KampoUK is pleased to be among the first invited to post this Kampo Textbook of modern medicine, made possible through the generosity of the authors, and the JSOM. This 2017 text is a comprehensive overview of Japan’s China-origin medicine and practices, collectively known as Kampo, and is made possible through the funding of a Japanese Health and Labour Sciences Research Grant . The text is newly complied and its many authors are among the best known in the Kampo field. The modality of composing a text through the collective workmanship of peers and colleagues has a long history in Japan and the process gives the textual authenticity, while at the same time not neglecting Kampo’s multiple practices. This allows the text material to employ a wide lens on a topic which the west has narrowly labelled “Chinese Medicine”. Part One covers the material medicines, namely the pills, decoctions, ointments and ingredients of Japanese Kampo. Part Two is a separate document on acupuncture and moxabustion.
The introductory passages of Part One present this millennium’s challenge: “where to position these medicines in the context of global healthcare”. The World Health Organisation, WHO, seeks to be informed as a neutral party. Anthropologists and historians tell us that a myriad of influences and folk practices melted together in East Asian and were written in the lingua franca, Chinese. Current scholars of materiality – books and materia medica – trace the roots of the various ingredients and publications which were previously identified as of Chinese origin. Collectively these scholars show that China was as much a receiver of knowledge as it was a disseminator. The WHO seeks to give each authentic contributor of global healthcare a voice, and this text, presents the authentic voice of Japan.

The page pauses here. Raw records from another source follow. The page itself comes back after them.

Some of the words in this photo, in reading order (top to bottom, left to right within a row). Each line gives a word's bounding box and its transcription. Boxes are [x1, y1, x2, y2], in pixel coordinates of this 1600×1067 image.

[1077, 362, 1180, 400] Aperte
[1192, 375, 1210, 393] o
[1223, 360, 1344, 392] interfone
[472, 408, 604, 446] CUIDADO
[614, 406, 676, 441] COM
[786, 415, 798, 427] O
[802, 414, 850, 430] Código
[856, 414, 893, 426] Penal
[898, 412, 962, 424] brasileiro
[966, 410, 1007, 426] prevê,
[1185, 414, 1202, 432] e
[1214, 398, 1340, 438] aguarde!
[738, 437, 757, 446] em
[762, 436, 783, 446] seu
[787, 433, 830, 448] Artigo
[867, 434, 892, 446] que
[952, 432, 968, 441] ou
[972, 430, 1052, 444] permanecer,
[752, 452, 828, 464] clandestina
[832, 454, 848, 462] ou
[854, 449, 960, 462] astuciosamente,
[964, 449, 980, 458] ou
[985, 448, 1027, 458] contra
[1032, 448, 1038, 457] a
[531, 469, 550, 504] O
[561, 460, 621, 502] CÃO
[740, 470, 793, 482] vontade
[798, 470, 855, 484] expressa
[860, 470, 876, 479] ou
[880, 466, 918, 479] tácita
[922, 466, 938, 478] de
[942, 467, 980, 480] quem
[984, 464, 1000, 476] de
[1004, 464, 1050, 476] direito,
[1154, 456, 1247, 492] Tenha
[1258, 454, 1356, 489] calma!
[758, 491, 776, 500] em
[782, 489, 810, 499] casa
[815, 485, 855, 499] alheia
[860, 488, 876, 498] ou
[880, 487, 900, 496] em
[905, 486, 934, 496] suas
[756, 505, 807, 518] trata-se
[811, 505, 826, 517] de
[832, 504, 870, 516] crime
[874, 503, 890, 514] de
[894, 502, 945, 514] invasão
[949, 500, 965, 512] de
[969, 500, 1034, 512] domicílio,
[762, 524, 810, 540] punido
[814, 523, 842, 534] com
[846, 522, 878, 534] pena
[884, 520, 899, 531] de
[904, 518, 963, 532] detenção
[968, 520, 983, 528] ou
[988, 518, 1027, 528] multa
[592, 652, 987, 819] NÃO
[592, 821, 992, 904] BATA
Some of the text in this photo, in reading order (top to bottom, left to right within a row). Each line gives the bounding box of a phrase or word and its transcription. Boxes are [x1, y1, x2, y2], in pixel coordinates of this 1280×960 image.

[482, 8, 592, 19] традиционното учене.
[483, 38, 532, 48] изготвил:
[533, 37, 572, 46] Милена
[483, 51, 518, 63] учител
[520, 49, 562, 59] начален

Part 1 introduces brews and medications of Japanese Kampo using the modern Japanese language term, Wakan-Yaku 和漢薬. Japanese language and kanji are used exclusively to name formula and ingredients; this need not be a hinderance due to charts such as those on p208 listing common English ingredient names alongside Japanese and kanji. The final pages, 320-323, contain a formula index (listed according to the Japanese alphabet) and this could be printed as a reading reference. There is care taken to lay out historical developments within Japan which have shaped medicine and its paradigms, including early publications on abdominal examination. Kampo’s diagnostic procedures are extensively detailed, including the abdominal exam. The concept of “ethical Kampo ” from page 32 puts into context the extensive research on pharmaceutical actions and drug interactions which cover a large part of the final sections.

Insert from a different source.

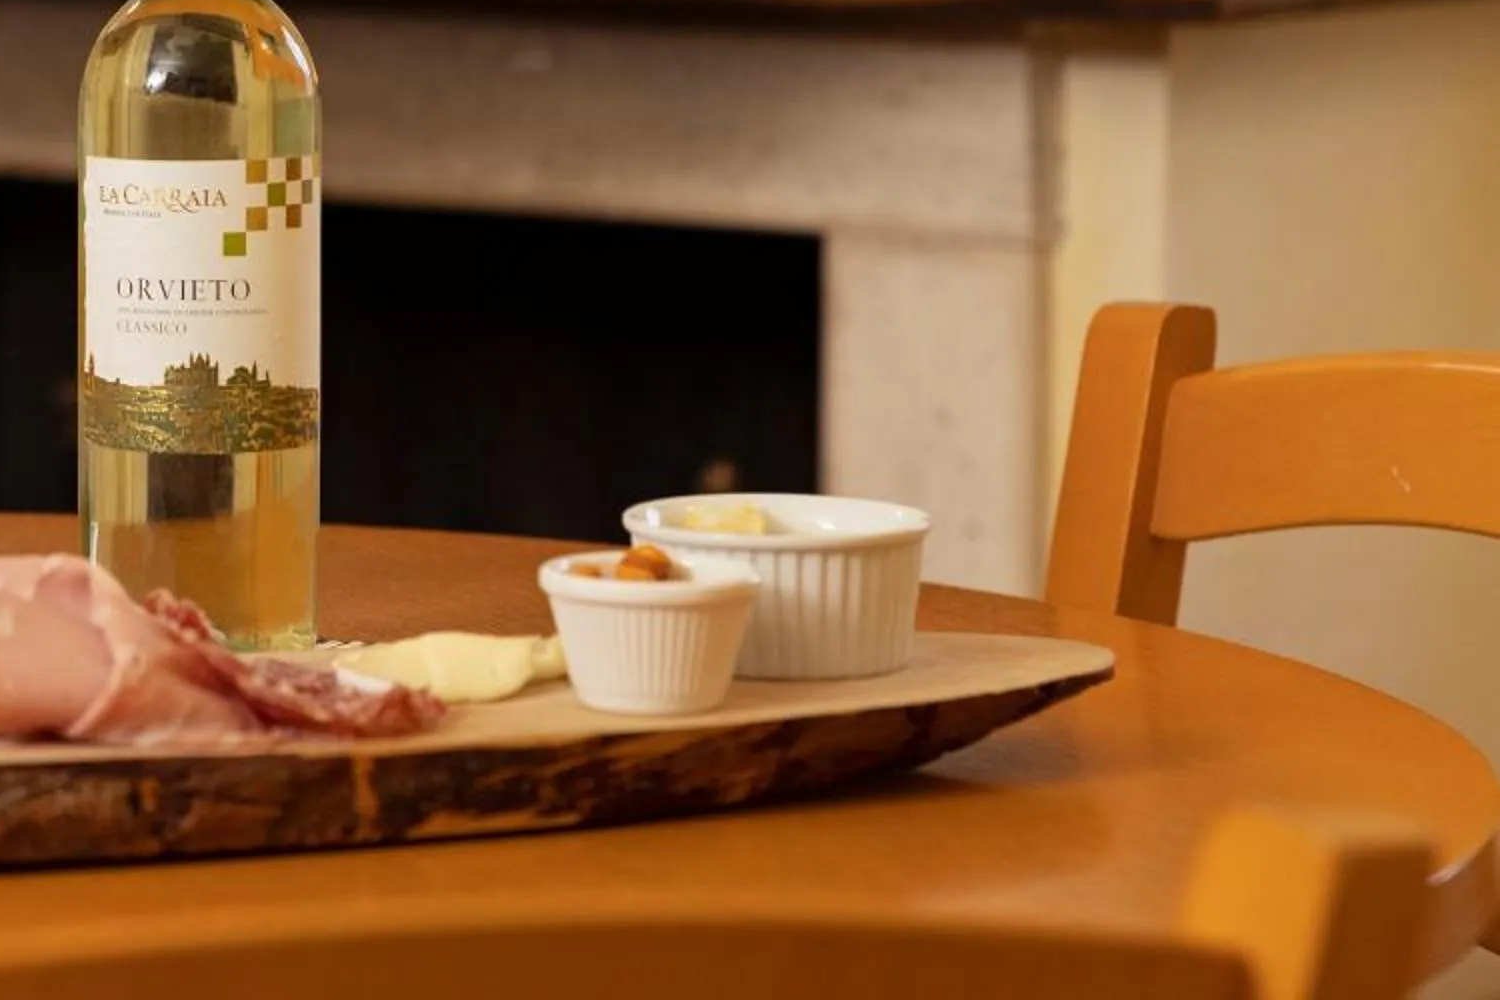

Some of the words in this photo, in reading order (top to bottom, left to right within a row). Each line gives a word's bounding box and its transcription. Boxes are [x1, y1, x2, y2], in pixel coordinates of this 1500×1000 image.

[99, 185, 119, 204] LA
[116, 278, 251, 301] ORVIETO
[116, 320, 188, 336] CLASSICO

Part 2 is devoted to acupuncture and moxabustion. The references to acupuncture notations are easy to follow, employing the acu-point name alongside an international notation system which abbreviates the meridian names and numbers the points, for example ” san li ST36″. Opening with an extensive historical review, Chapter one reveals new texts being examined from Japan’s earliest records and ending with the Meiji reforms. Along the way, these new texts rewrite the history of the first use of the needle guide tube which has long been attributed Waichi Sugiyama (page 9). Chapter two covers a wide spectrum of therapeutic affects of both acupuncture and moxabustion, assessed using brain sciences, MRI with quantitive and qualitative measures . Chapter three details representative systems of Japan’s acupuncture and moxabustion, under the title Meredian therapy using the Sho as a standard tool. This section plots how the variations in the standard Sho diagnosis diverged into different practice patterns since it’s inception in 1940. The final section is devoted to moxabustion, including the use of permeating heat, and treatments using heat perception.